For practical and epidemiological reasons, the PfPR in older children provides a good index of transmission intensity, and the age limits from the classical categories are appropriate for standardizing PfPR. There are three justifications for standardizing reported PfPR to 2–10 year olds for use as an index of transmission intensity. First, because PfPR remains relatively constant between the ages of about two and 10, the average is therefore meaningful. Second, because the frequency of clinical malaria declines in older children, the PfPR over these ages may be least influenced by drug treatment [36]. PfPR in older children is also relatively unaffected by immunity, so it can be argued that the PfPR in older children comes closest to reflecting the steady state relationship predicted by mathematical models. It is, therefore, most likely to provide a good index of transmission intensity. Third, it is consistent with the historical approaches to defining endemicity [18].

Using the rise in PfPR in very young children to index transmission has some advantages, but it also has several disadvantages. Although young children are of great interest for malaria control, the slope of PfPR, not the average PfPR in young children, is an index of transmission intensity. From a practical point of view, it is more difficult to measure a slope than an average. The ideal measure of transmission intensity would be the infant conversion rate, characterized by the waiting time to a patent infection in uninfected children. A slightly less direct measure of the force of infection would be any exposure to malaria vs. age, a measure that would be found in an appropriately designed study of seroprevalence [37, 38]. PfPR is a distant third because it reflects a balance between exposure and clearance, including natural clearance and radical curative therapy with antimalarial drugs. The frequency of clinical malaria is highest in young children, before they develop functional immunity, so the need for antimalarial drugs is also likely to be correlated with age. The rise in PfPR reflects both exposure and clearance, so it can be quite a volatile measure. For example, the rise in PfPR in young children would dramatically underestimate transmission intensity in populations where effective antimalarial drugs had been used frequently and properly to clear infections. Because gametocytes clear slowly, it has also been argued that measuring gametocyte prevalence directly is a more appropriate measure of exposure, but considerable technical difficulties still limit its wider application [39].

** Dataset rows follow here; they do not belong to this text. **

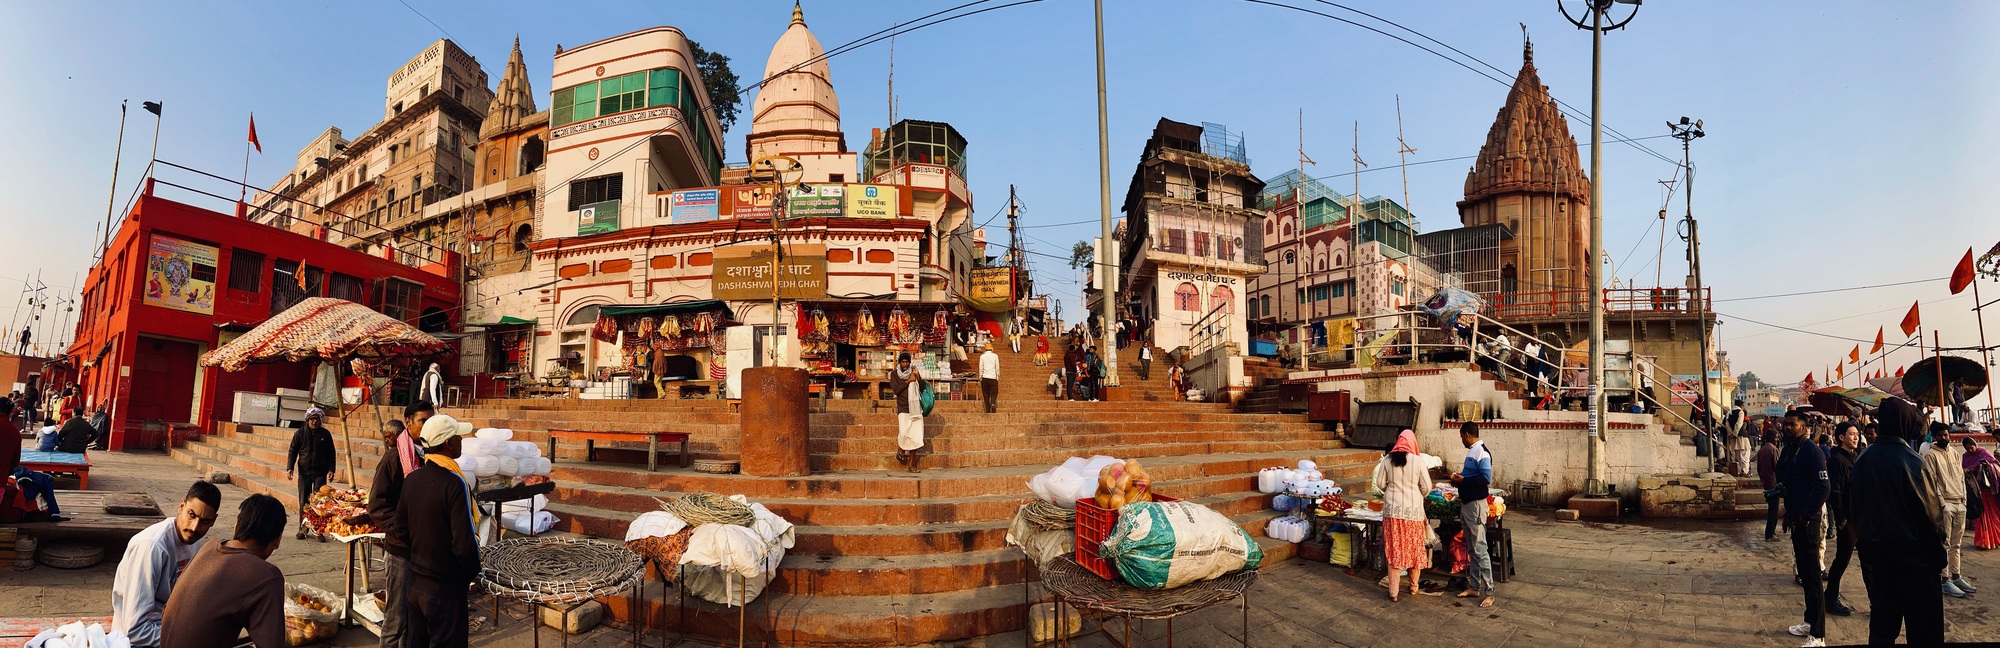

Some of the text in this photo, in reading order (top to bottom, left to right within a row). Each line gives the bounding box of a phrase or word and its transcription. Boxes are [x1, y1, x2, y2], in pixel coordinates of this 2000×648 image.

[857, 198, 886, 206] यूको बैंक
[788, 264, 812, 276] घाट
[718, 280, 820, 290] DASHASHVAEDH GHAT
[1221, 277, 1236, 285] घट
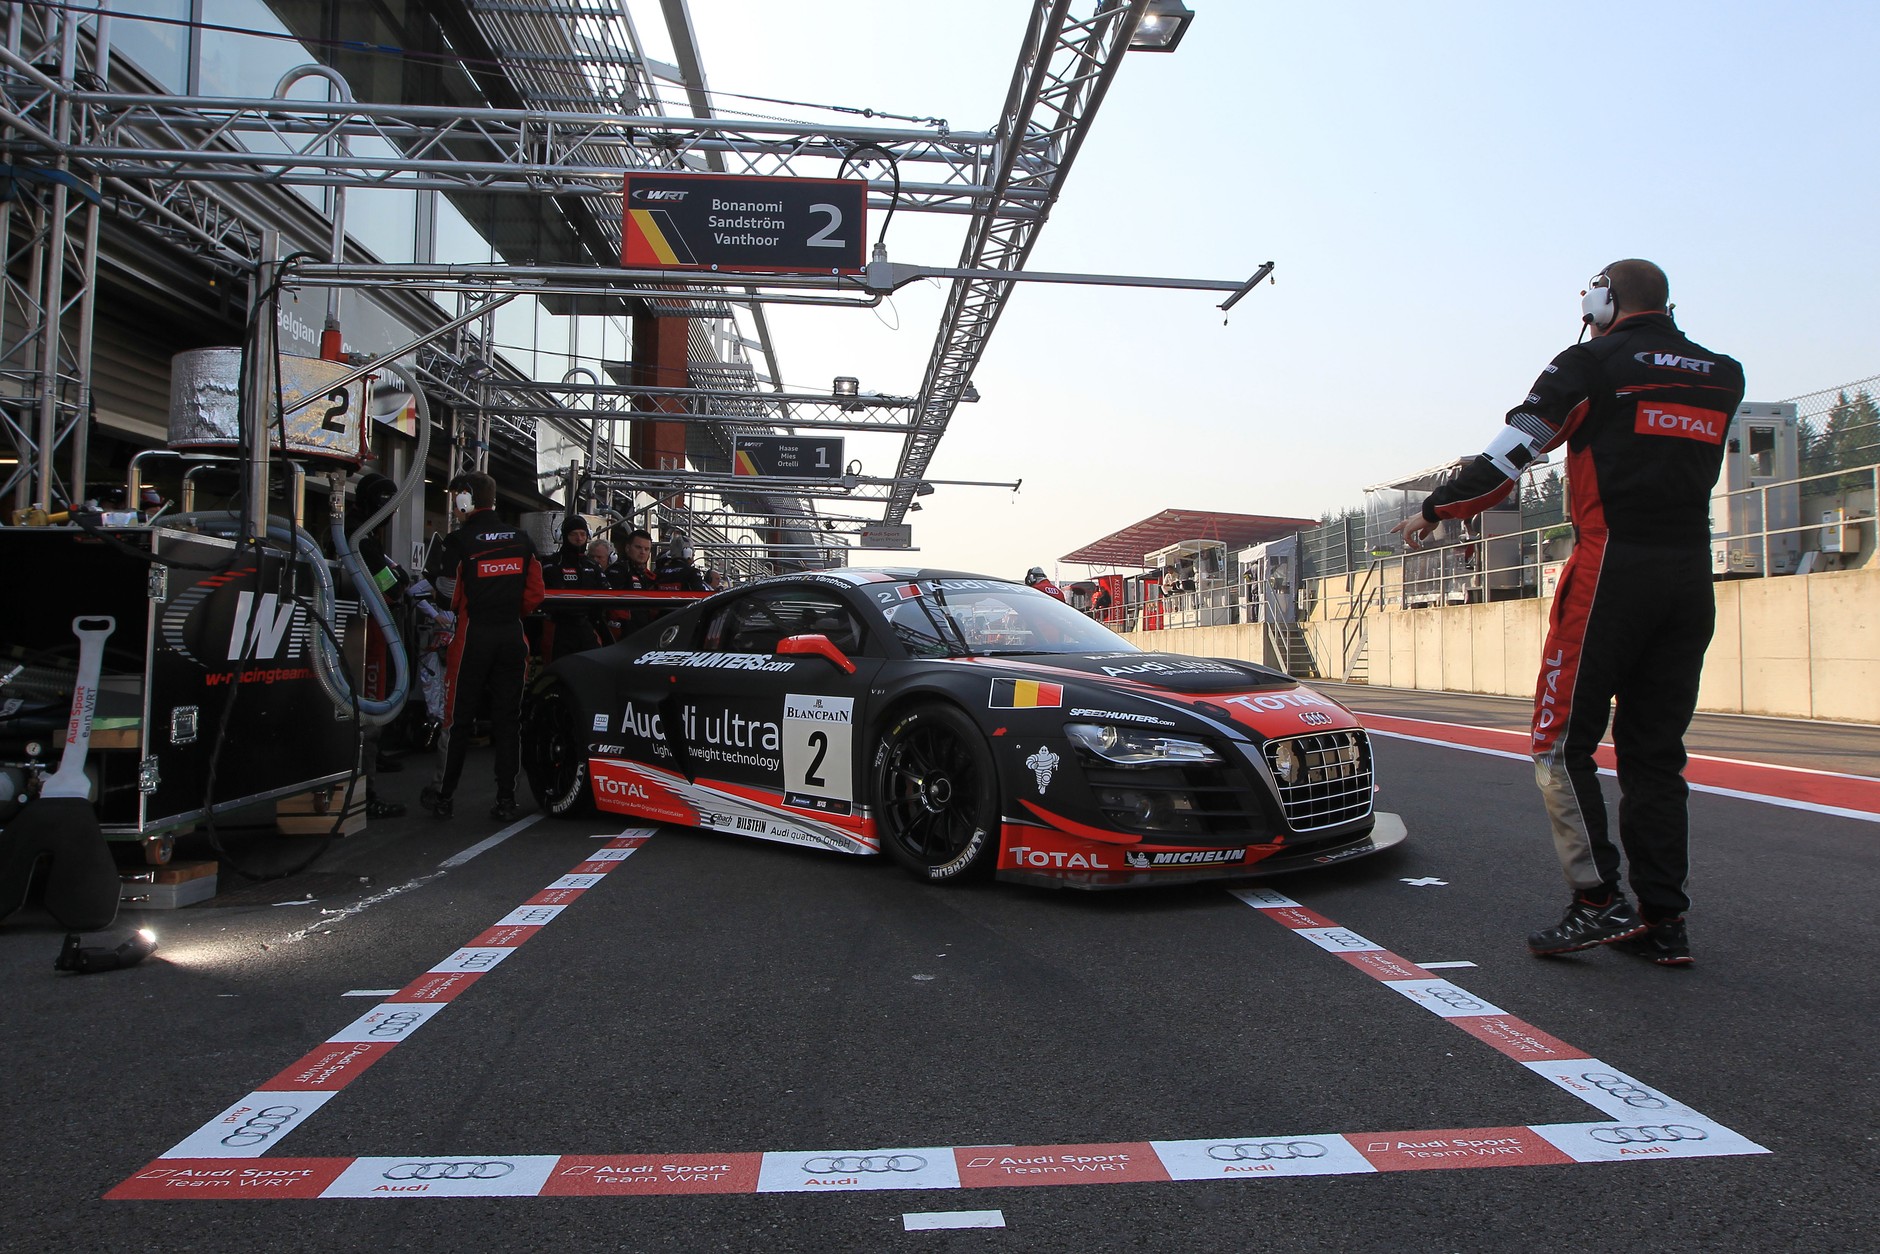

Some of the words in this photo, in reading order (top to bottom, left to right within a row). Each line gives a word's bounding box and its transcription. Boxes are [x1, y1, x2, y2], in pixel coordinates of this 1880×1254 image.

[646, 190, 689, 201] WRT
[712, 198, 783, 213] Bonanomi
[708, 215, 785, 230] Sandström
[806, 203, 846, 248] 2
[714, 232, 780, 247] Vanthoor
[1653, 352, 1715, 374] WRT
[321, 386, 350, 434] 2
[1642, 409, 1718, 437] TOTAL
[815, 447, 830, 468] 1
[485, 531, 516, 541] WRT
[480, 563, 521, 573] TOTAL
[815, 575, 852, 590] Vanthoor
[926, 579, 989, 592] Audi
[877, 592, 895, 604] 2
[1101, 661, 1175, 677] Audi
[71, 685, 86, 716] Sport
[84, 687, 97, 713] WRT
[1533, 649, 1563, 746] TOTAL
[786, 706, 849, 722] BLANCPAIN
[705, 708, 780, 751] ultra
[597, 744, 625, 755] WRT
[722, 750, 780, 772] technology
[804, 730, 828, 788] 2
[593, 775, 650, 799] TOTAL
[736, 816, 767, 834] BILSTEIN
[770, 826, 790, 838] Audi
[790, 830, 821, 844] quattro
[823, 835, 851, 848] GmbH
[930, 843, 977, 879] MICHELIN
[1008, 846, 1109, 869] TOTAL
[1152, 849, 1247, 864] MICHELIN
[1521, 1033, 1556, 1054] Sport
[340, 1050, 363, 1065] Audi
[311, 1064, 345, 1085] Sport
[1554, 1073, 1591, 1092] Audi
[221, 1106, 252, 1124] Audi
[1397, 1139, 1449, 1149] Audi
[1452, 1137, 1521, 1147] Sport
[1401, 1149, 1468, 1159] Team
[1473, 1146, 1524, 1156] WRT
[1619, 1146, 1670, 1156] Audi
[999, 1155, 1055, 1165] Audi
[1061, 1154, 1130, 1163] Sport
[173, 1168, 236, 1177] Audi
[239, 1168, 314, 1178] Sport
[594, 1164, 654, 1174] Audi
[660, 1164, 732, 1174] Sport
[1001, 1164, 1067, 1174] Team
[1071, 1162, 1130, 1172] WRT
[1223, 1164, 1276, 1173] Audi
[165, 1179, 231, 1187] Team
[239, 1178, 301, 1187] WRT
[593, 1174, 658, 1184] Team
[665, 1173, 725, 1182] WRT
[804, 1178, 859, 1186] Audi
[371, 1183, 430, 1192] Audi
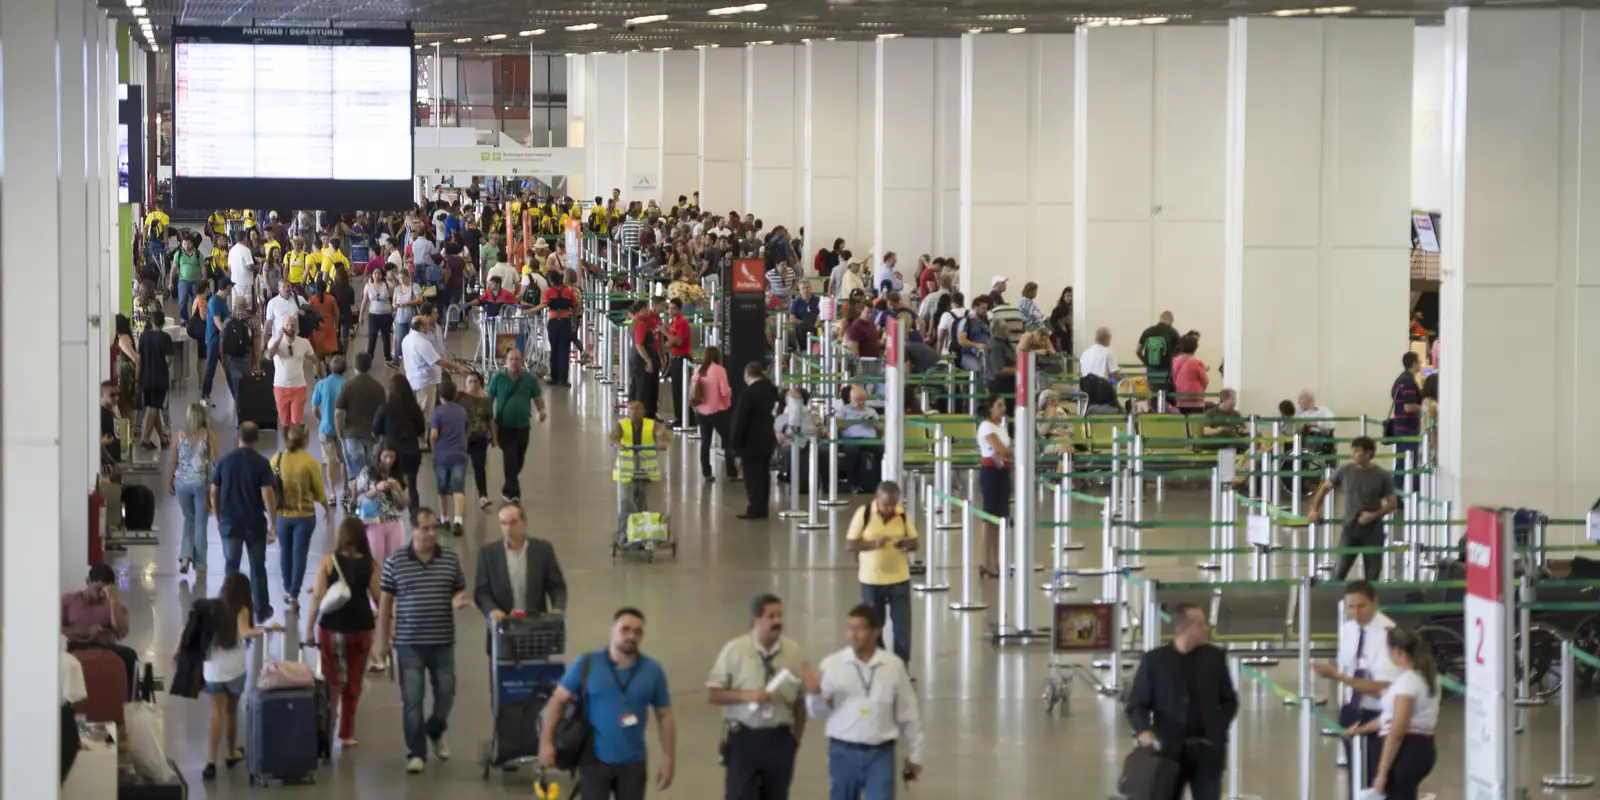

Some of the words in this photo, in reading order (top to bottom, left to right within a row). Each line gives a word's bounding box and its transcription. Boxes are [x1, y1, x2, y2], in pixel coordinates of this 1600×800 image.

[242, 27, 283, 35] PARTIDAS
[289, 28, 344, 36] DEPARTURES
[1475, 617, 1485, 664] 2
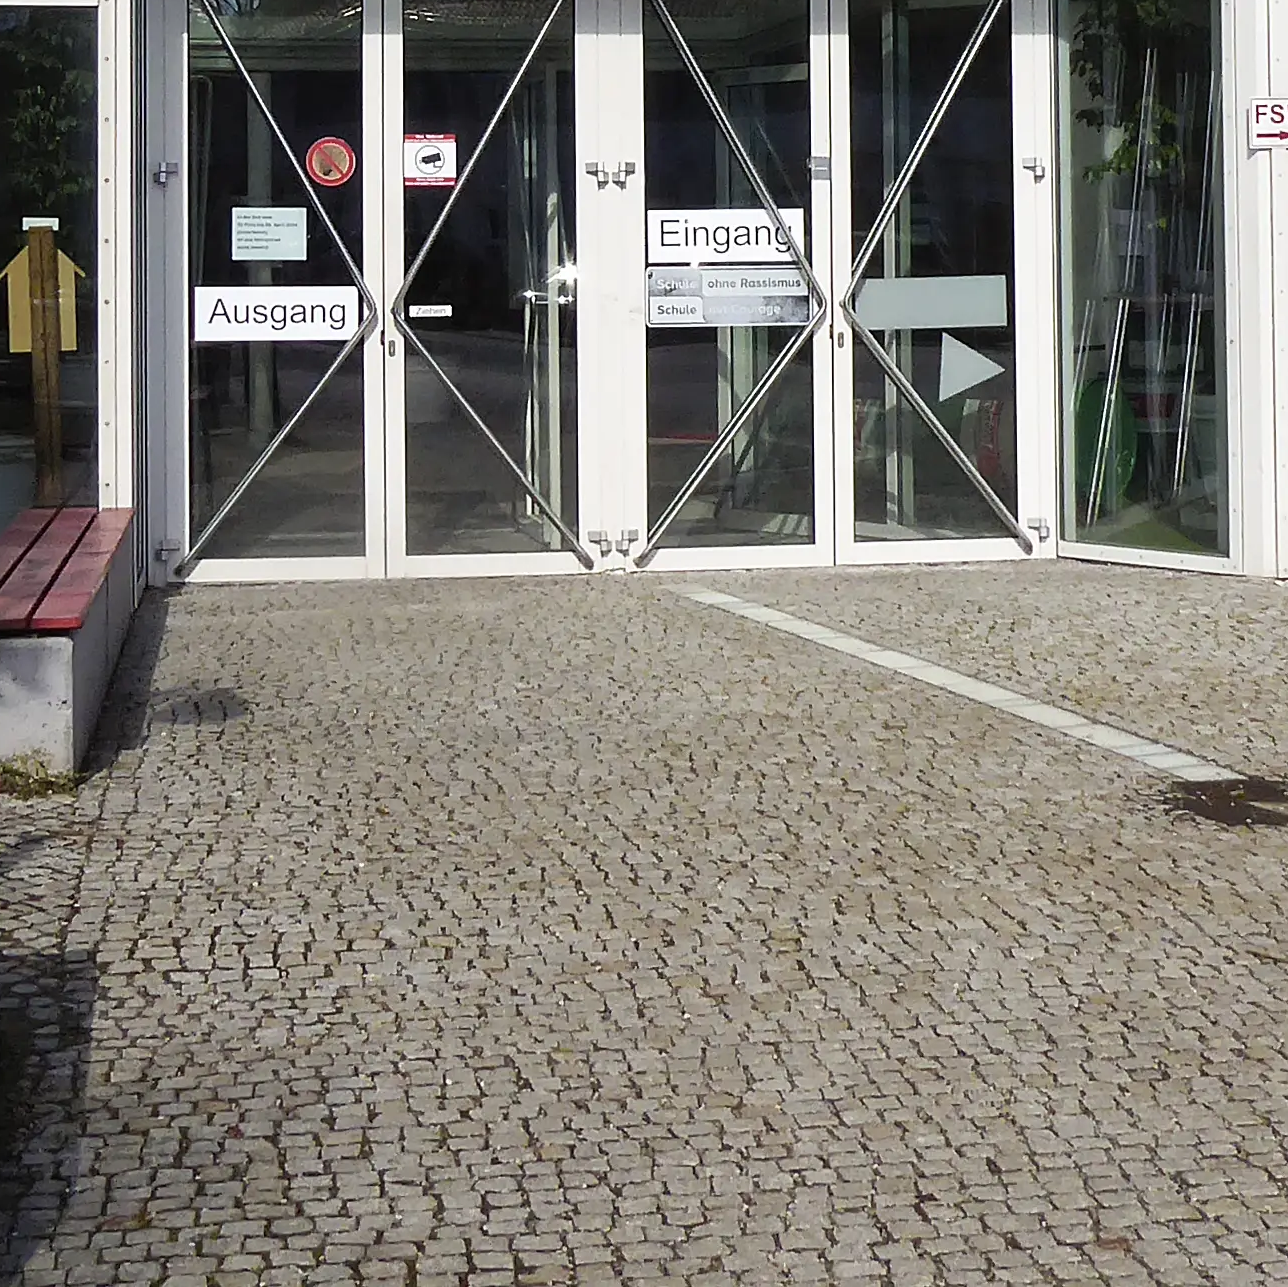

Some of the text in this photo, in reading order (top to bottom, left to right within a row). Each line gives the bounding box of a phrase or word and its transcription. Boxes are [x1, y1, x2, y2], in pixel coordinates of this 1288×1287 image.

[659, 219, 793, 253] Eingang
[656, 277, 801, 291] Schule ohne Rassismus
[208, 299, 346, 330] Ausgang
[657, 305, 697, 316] Schule

The relationship between age and PR follows a fairly consistent pattern across the natural range of malaria transmission intensity that can be described by a relatively simple, biologically motivated mathematical model. The model, fitted to age-stratified data, accurately describes the rise and fall in PfPR with age, but it does not resolve any questions about the biological causes of this pattern, since it was not designed to do so. The algorithm based on this model can be used to reliably standardize crude estimates, but some important residual variance remains unexplained. This could be due to a variety of factors that were not considered here, including sampling, seasonality, heterogeneous biting, the prevalence of *P. vivax*, and variable use of effective anti-malarial drugs. These will be the focus of future research effort. Despite these caveats, the algorithm explained 72% of the variance, suggesting that age is a dominant source of heterogeneity in PfPR estimates from places with similar transmission intensity. The algorithm thus provides a useful way of standardizing PfPR to 2–10 year olds for comparing studies and ultimately for the mapping of malaria risk.